Zahir was aware of nothing but the certainty of being then and there, he had that certainty shared by all animals, silent, tacit, infallible. What lay outside his stall remained unknown to him, the sky, the night, the universe. The power of his imagination stretched no farther than the space in which he stood, his mind was stopped at the walls of his stall and could only return to the confusion of his own hazy consciousness. It was as if mental blinders prevented Zahir from imagining the world beyond his field of vision, cut off in every direction, dark, sightless, metallic.

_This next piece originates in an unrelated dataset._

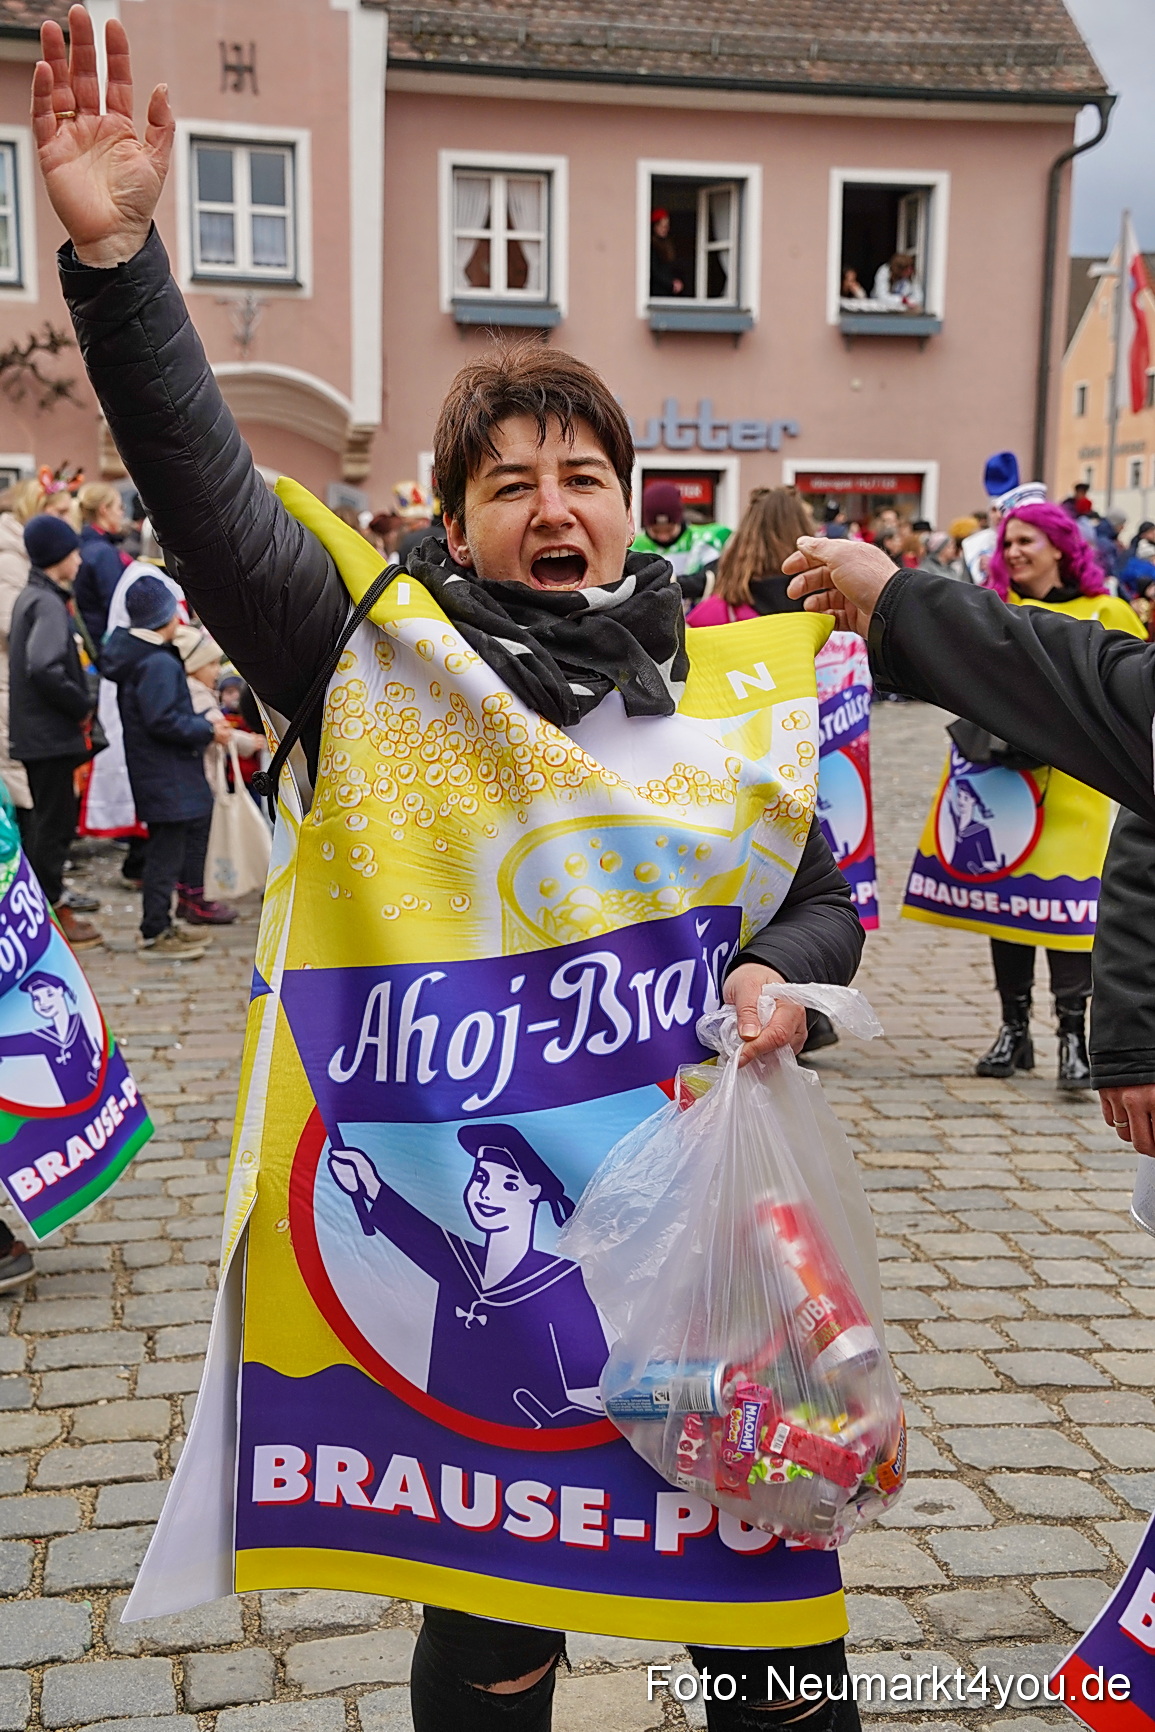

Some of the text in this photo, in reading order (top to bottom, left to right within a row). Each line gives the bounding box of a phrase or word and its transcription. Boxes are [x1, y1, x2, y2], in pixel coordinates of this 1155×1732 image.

[616, 395, 799, 452] utter
[726, 662, 776, 700] N
[740, 1404, 758, 1450] MAOAM
[251, 1444, 815, 1556] BRAUSE-PU

He was incapable of conceiving anything beyond the material limits of his stall, of mentally moving into the night through which the plane was flying, he didn’t feel any irrepressible urge to stretch these limits or go beyond them, and, supposing he were able to accomplish this, supposing he could cross the walls of the plane in thought — leaving his skin, passing through the fuselage — he would have leaped blindly into the sky, four horseshoes splayed in the air, Icarus burning his wings in an attempt to wake from a dream of his own making.

For Zahir was as much in the real world as he was in an imaginary one, as much in this plane as in the haze of consciousness, or a dream, unknown, dark, troubled, where the turbulence of the sky mirrors the intensity of our language, and, if in reality horses never vomit, are unable to vomit (it’s physically impossible for them to vomit, their physiognomy won’t allow it, even when they’re nauseated, even when their stomachs are full of toxic substances), Zahir, this night, spent, stumbling in his stall, falling on his knees in the hay, his mane stuck to his head, matted with dirt and dried sweat, his jaws loose, his tongue slack, chewing air, a bitter drool dribbling from his mouth, sweating, feeling horrible, trying to stand up in his stall, taking a step to the side on limp legs and again losing his balance, on the verge of collapsing unconscious in his stall, falling again, in slow motion, on his knees, going limp, his front legs tucked underneath him, his stomach heavy, bloated from fermentation, feeling food rise up his stomach, now breaking into a cold sweat and suddenly feeling the concrete, physical nearness of death, that sensation you feel when about to vomit, the sour saliva that fills your mouth as a warning, when your intestines contract and vomit shoots up your throat and enters your mouth, Zahir, this night, against his own nature, betraying his species, began to vomit in the sky in the hold of a Boeing 747 cargo plane flying through the night.